L’époque communiste-socialiste, dont la dictature de Rákosi n’a constitué qu’une partie, a commencé par l’arrivée de l’armée soviétique, l’événement considéré officiellement comme la libération du pays en 1945, et a fini par la chute du régime vers la fin de 1989. Dans cet article, nous nous proposons d’examiner la réception de Jules Verne en Hongrie durant cette période à travers les articles de presse, les articles de revue et quelques livres parus.

2 Les débuts de l’intérêt critique : János Hankiss et ses étudiantes

Avant d’aborder l’accueil critique de l’après-guerre, la première étude scientifique importante2, écrite par János Hankiss, fondateur du Département de Français à l’Université de Debrecen, mérite une attention particulière de notre part. Hankiss a publié une longue étude (ou plutôt une monographie) intitulée A tudomány a szépirodalomban : Jules Verne [La science dans les belles-lettres : Jules Verne] dans la revue Budapesti Szemle [Revue de Budapest] en trois parties en 19293 puis dans un volume autonome en 19304. Comme c’est indiqué par le titre, l’étude de Hankiss se concentre sur le rôle et la fonction de la science tel qu’elle est représentée dans les œuvres de Verne. En suivant les pas de leur professeur, certaines étudiantes de Hankiss ont pris Verne comme thème de leurs mémoires de maîtrise. En premier lieu, Gabriella Kiss dont le mémoire rédigé en 1929 portait le titre Comparaison du « Comte de Monte-Christo » (A. Dumas père) et de « Mathias Sandorf » (J. Verne) puis Magdolna Kiszely en 1930 avec son mémoire intitulé Les sources de Jules Verne dans les romans se rapportant à la Hongrie. Cette dernière auteure, sous son nom d’épouse B(aráthné). Kiszely Magda a publié une version étendue et rééditée de son mémoire, cette fois rédigée en hongrois, sous le titre de Verne Gyula magyar nemzetképe5 [L’image de la Hongrie par Jules Verne] qui était sa thèse de doctorat universitaire.
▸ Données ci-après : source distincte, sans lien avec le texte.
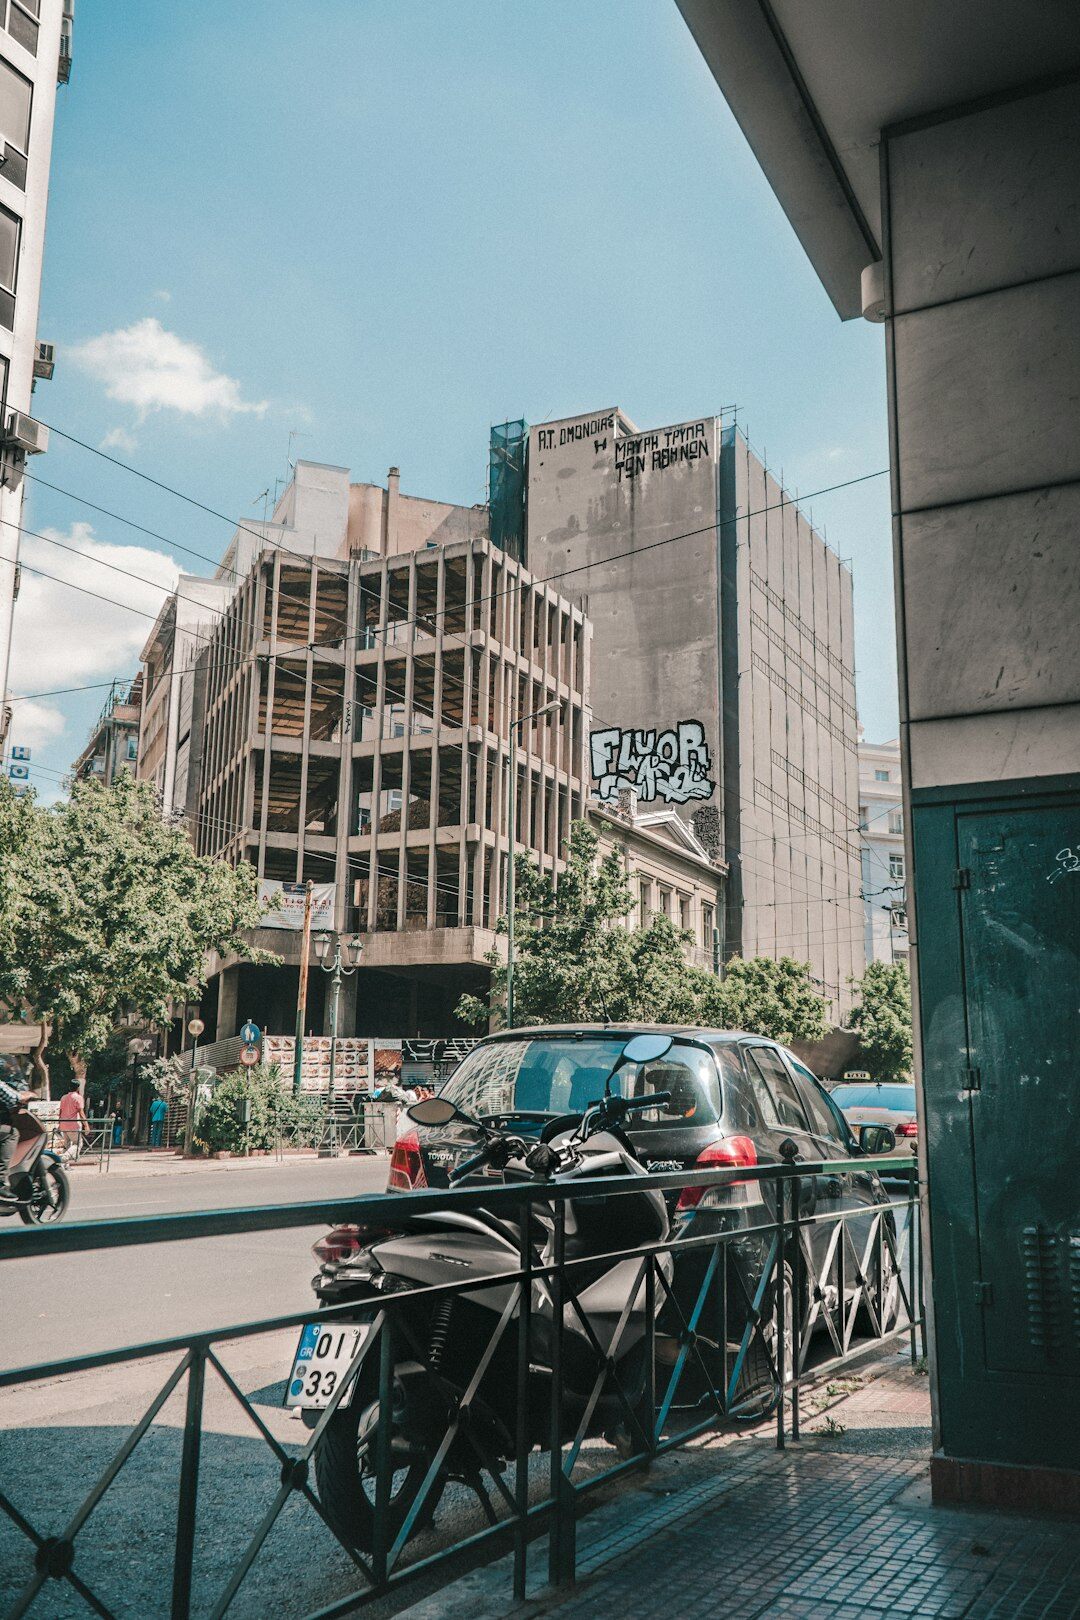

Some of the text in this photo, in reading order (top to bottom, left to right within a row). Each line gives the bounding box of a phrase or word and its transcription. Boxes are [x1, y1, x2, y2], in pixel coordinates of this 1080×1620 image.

L’utilisation d’une version hongroise dite « magyarisée » des noms d’auteur étrangers (dans ce cas de figure « Verne Gyula » au lieu de « Jules Verne ») était typique dans la Hongrie du 19e siècle ; comme c’était la version magyarisée du nom de l’auteur qui avait été adoptée à cette époque-là, son usage était courant même dans les années 1960 et 1970. Les approches académiques de l’œuvre de l’auteur restaient sporadiques pendant la période précédant la guerre – ce constat est confirmé par András Schubert6 dans son essai intitulé ‘Úti kalandok Verne Gyulával. Jegyzetek egy rendkívüli utazásról’ [Aventures de voyage avec Jules Verne. Notes sur un voyage extraordinaire] : « Les œuvres ont été traduites en hongrois par l’élite de la vie intellectuelle du 19e siècle et du tournant du siècle. […] Cependant, je n’ai réussi à retrouver aucune étude plus ou moins longue écrite sur l’auteur ou sur ses œuvres par les représentants de cette élite7. »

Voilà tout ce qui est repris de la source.